— What the task asks —
Restate word for word each line of the data, starting at the one containing "this 1920×1280 image." and running through the last.

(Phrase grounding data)
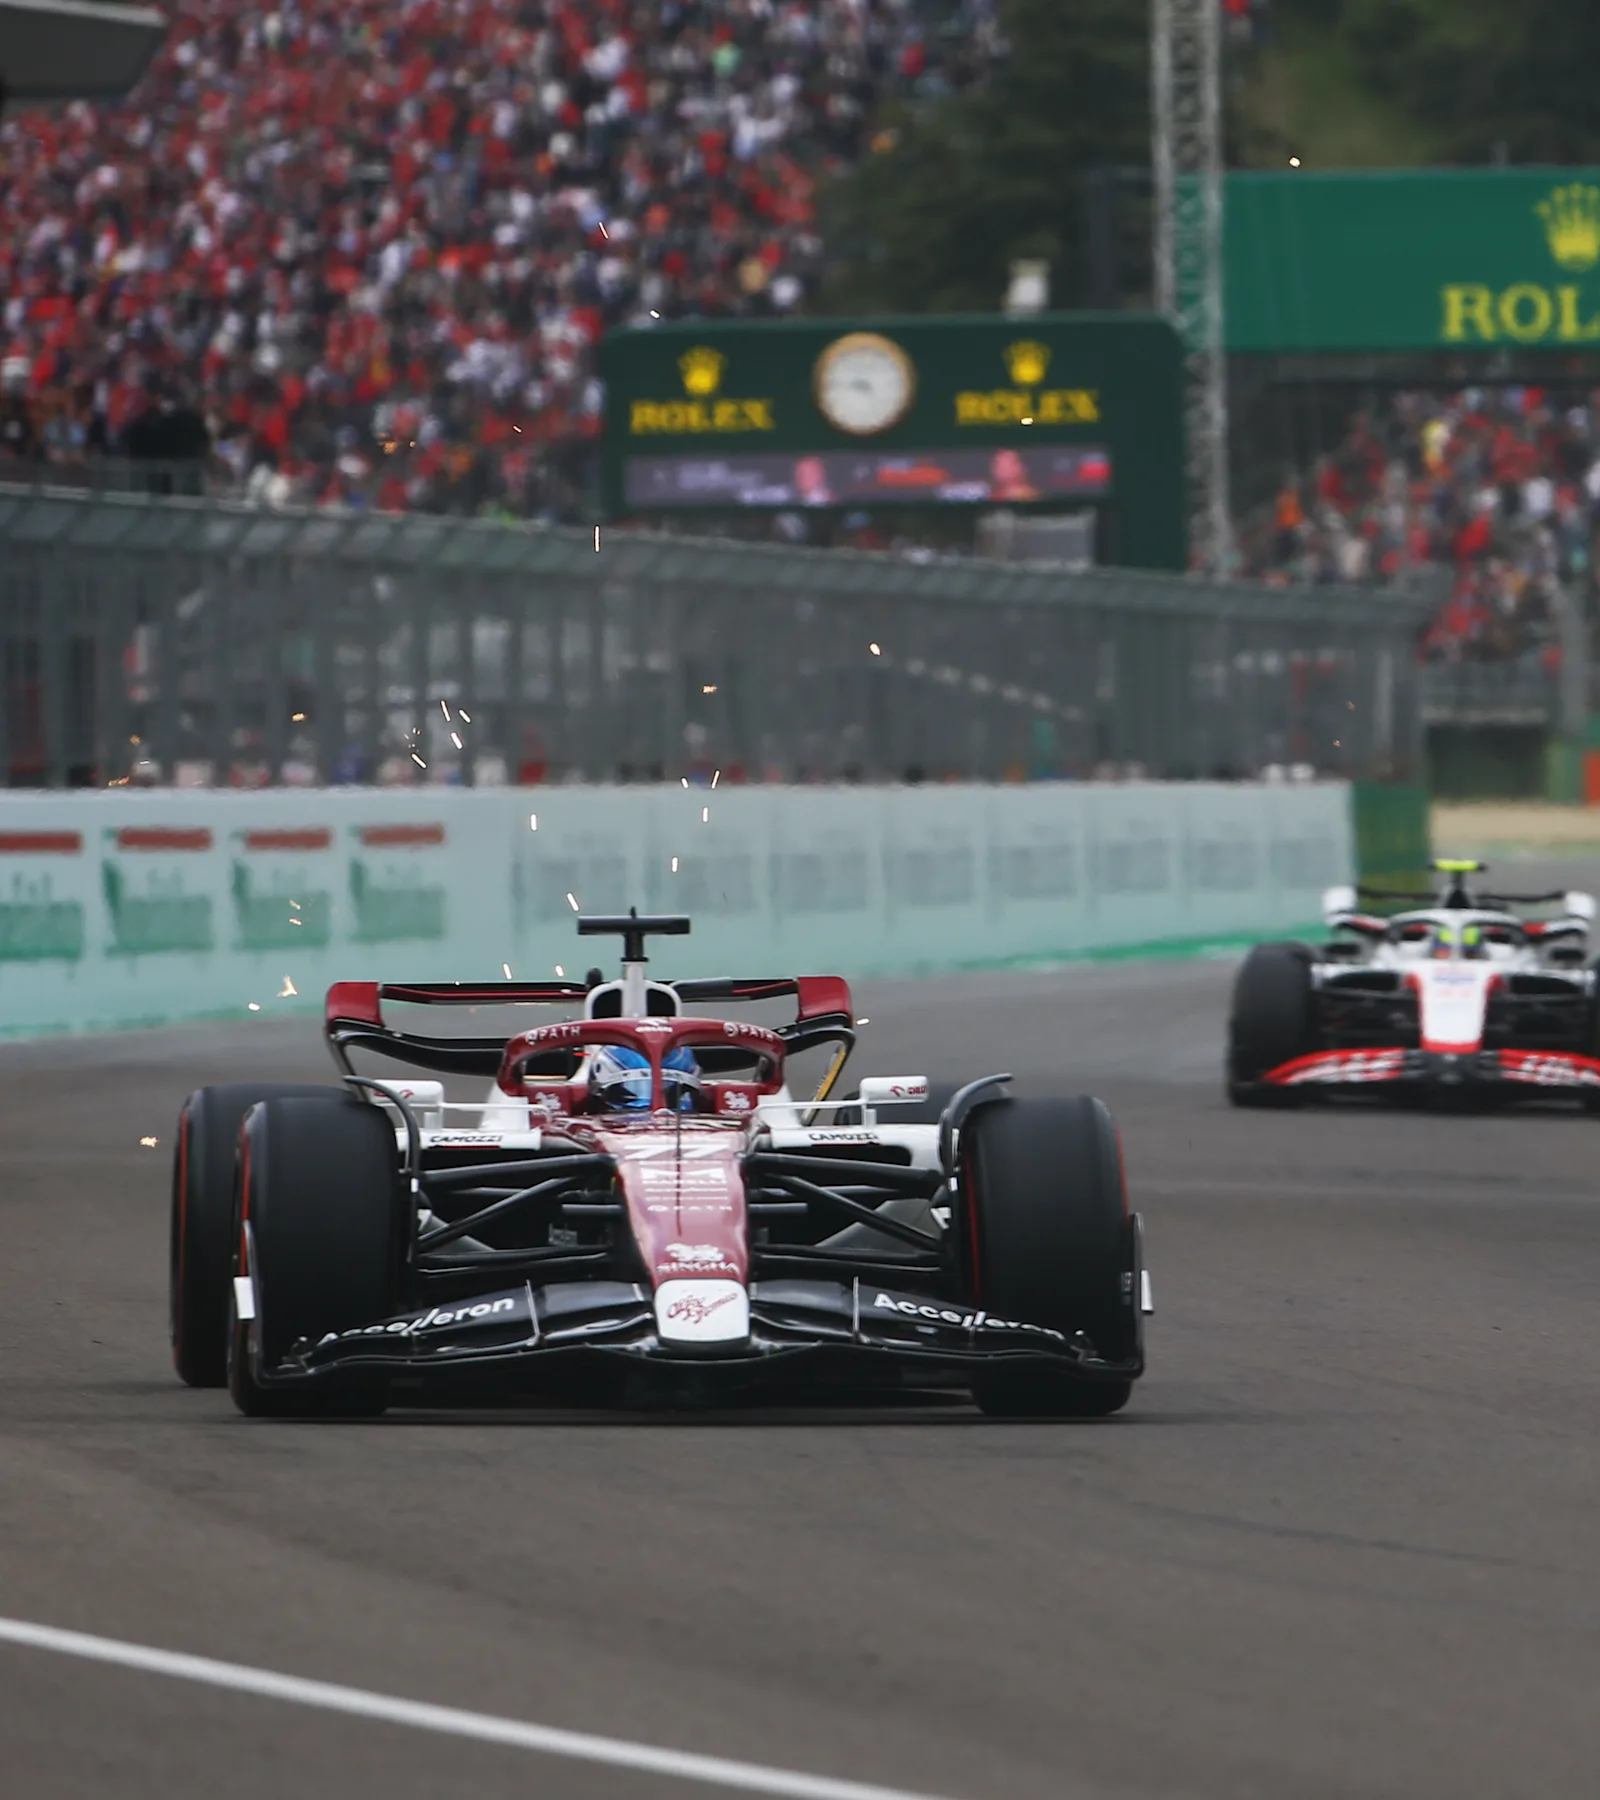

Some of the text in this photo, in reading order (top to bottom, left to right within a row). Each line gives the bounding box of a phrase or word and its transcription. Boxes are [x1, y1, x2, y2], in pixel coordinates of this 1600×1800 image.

[629, 400, 774, 435] ROLEX
[955, 390, 1099, 425] ROLEX
[430, 1134, 502, 1143] CAMOZZI
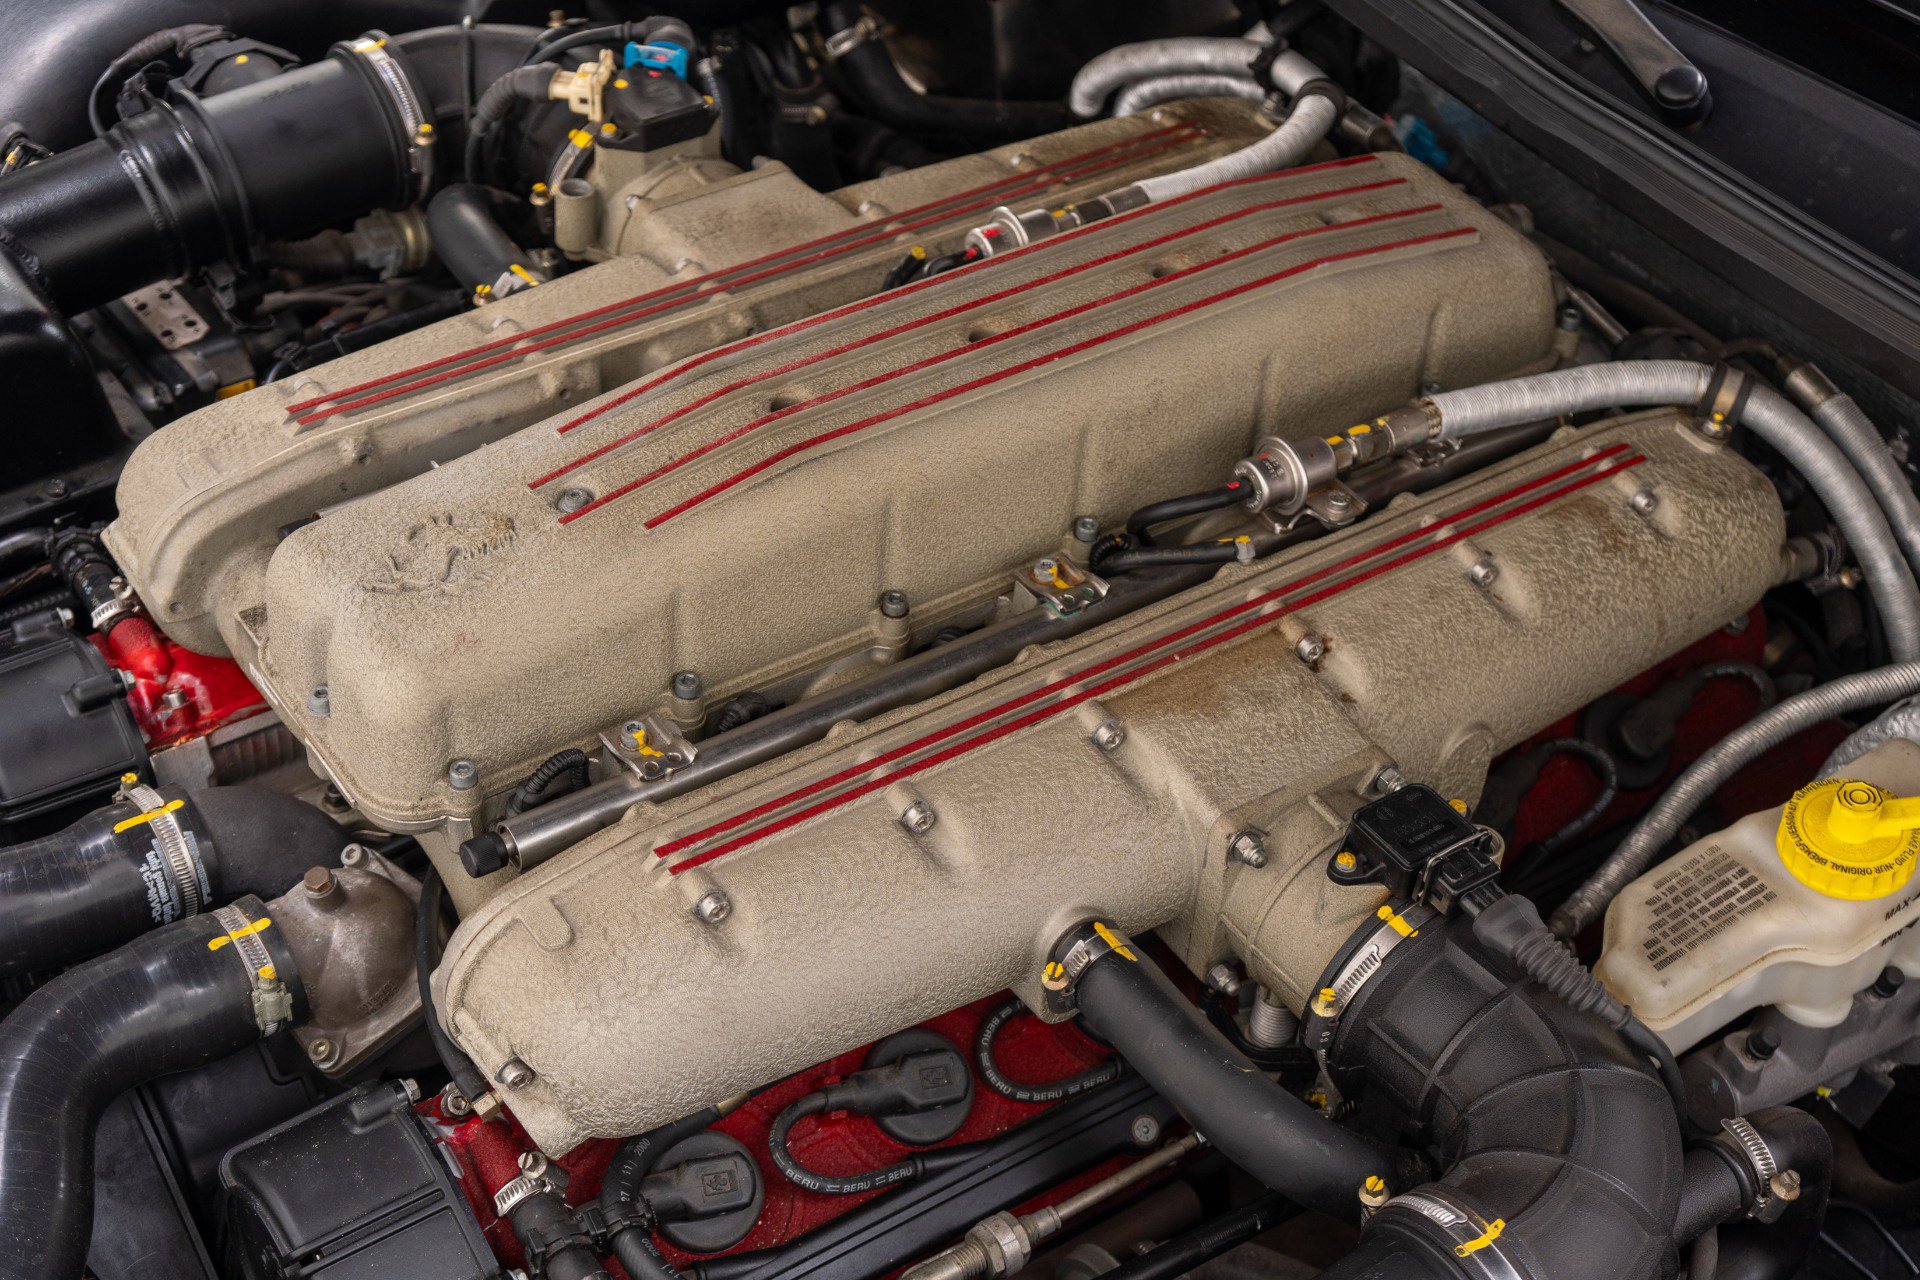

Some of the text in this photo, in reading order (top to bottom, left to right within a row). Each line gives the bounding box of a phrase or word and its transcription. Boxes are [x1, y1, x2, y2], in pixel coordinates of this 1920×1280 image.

[1896, 846, 1915, 866] FLUID
[1831, 862, 1872, 875] ORIGINAL
[981, 1017, 1000, 1045] BERU
[985, 1069, 1012, 1095] BERU
[1082, 1072, 1111, 1089] BERU
[1032, 1089, 1063, 1101] BERU
[620, 1191, 630, 1202] 27
[634, 1138, 651, 1156] 2000
[887, 1166, 913, 1181] BERU
[785, 1168, 819, 1191] BERU
[842, 1181, 871, 1193] BERU

— Answer to the exercise —
Some of the text in this photo, in reading order (top to bottom, left to right within a row). Each line gives the bounding box of a phrase or word and its transcription. Boxes are [x1, y1, x2, y2], in pixel coordinates of this 1920×1280 image.

[1896, 846, 1915, 866] FLUID
[1831, 862, 1872, 875] ORIGINAL
[981, 1017, 1000, 1045] BERU
[985, 1069, 1012, 1095] BERU
[1082, 1072, 1111, 1089] BERU
[1032, 1089, 1063, 1101] BERU
[620, 1191, 630, 1202] 27
[634, 1138, 651, 1156] 2000
[887, 1166, 913, 1181] BERU
[785, 1168, 819, 1191] BERU
[842, 1181, 871, 1193] BERU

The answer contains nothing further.